For generating only integers I'd suggest you just round towards the nearest integer when the random number happens to fall within your desired interval and reject it if it doesn't (drawing a new random number then). This way you won't artificially skew the distribution (such as you would if you were clamping the values at 4 or 10, respectively).
1 In testing with deliberately bad random number generators (yes, worse than RANDU) I've noticed that the polar method results in an endless loop, rejecting every sample. Won't happen with random numbers that fulfill the usual statistic expectations to them, though.
Yes, there are sophisticated mathematical solutions, but for "simple but practical" I'd go with Nosredna's comment. For a simple Java solution:
Random random=new Random();
public int bell7()
{
int n=4;
for (int x=0;x<6;++x)
n+=random.nextInt(2);
return n;
}
If you're not a Java person, Random.nextInt(n) returns a random integer between 0 and n-1. I think the rest should be similar to what you'd see in any programming language.
If the range was large, then instead of nextInt(2)'s I'd use a bigger number in there so there would be fewer iterations through the loop, depending on frequency of call and performance requirements.
Dan Dyer and Jay are exactly right. What you really want is a binomial distribution, not a normal distribution. The shape of a binomial distribution looks a lot like a normal distribution, but it is discrete and bounded whereas a normal distribution is continuous and unbounded.
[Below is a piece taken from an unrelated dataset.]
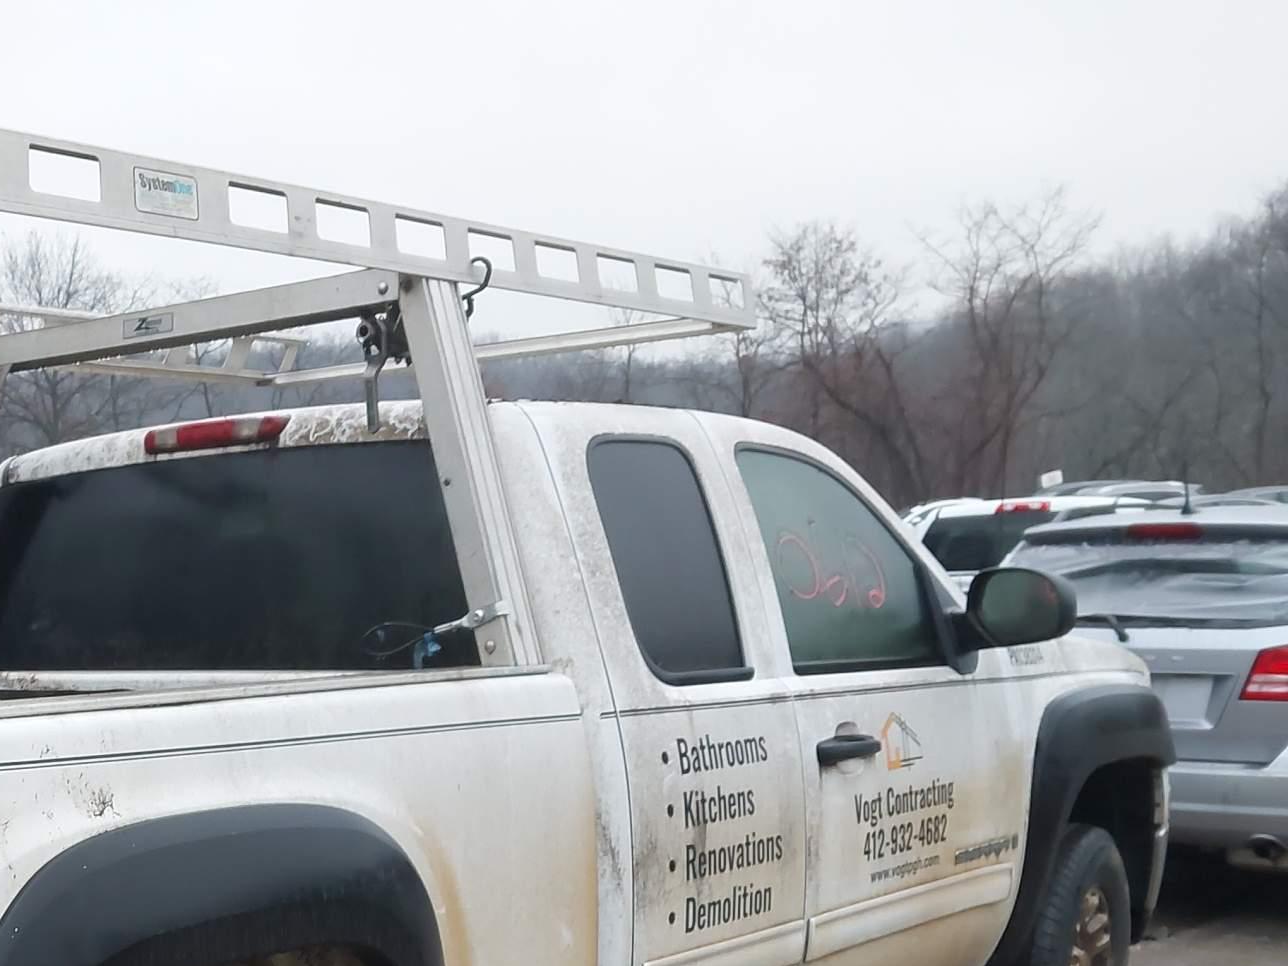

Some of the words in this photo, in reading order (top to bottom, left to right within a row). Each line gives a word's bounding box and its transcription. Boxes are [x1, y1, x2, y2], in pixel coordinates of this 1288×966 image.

Jay's code generates a binomial distribution with 6 trials and a 50% probability of success on each trial. If you want to "skew" your distribution, simply change the line that decides whether to add 1 to n so that the probability is something other than 50%.
The normal distribution is not described by its endpoints. Normally it's described by it's mean (which you have given to be 7) and its standard deviation. An important feature of this is that it is possible to get a value far outside the expected range from this distribution, although that will be vanishingly rare, the further you get from the mean.
The usual means for getting a value from a distribution is to generate a random value from a uniform distribution, which is quite easily done with, for example, rand(), and then use that as an argument to a cumulative distribution function, which maps probabilities to upper bounds. For the standard distribution, this function is
F(x) = 0.5 - 0.5*erf( (x-μ)/(σ * sqrt(2.0)))
where erf() is the error function which may be described by a taylor series:
erf(z) = 2.0/sqrt(2.0) * Σ∞n=0 ((-1)nz2n + 1)/(n!(2n + 1))
I'll leave it as an excercise to translate this into C.
If you prefer not to engage in the exercise, you might consider using the Gnu Scientific Library, which among many other features, has a technique to generate random numbers in one of many common distributions, of which the Gaussian Distribution (hint) is one.
Obviously, all of these functions return floating point values. You will have to use some rounding strategy to convert to a discrete value. A useful (but naive) approach is to simply downcast to integer.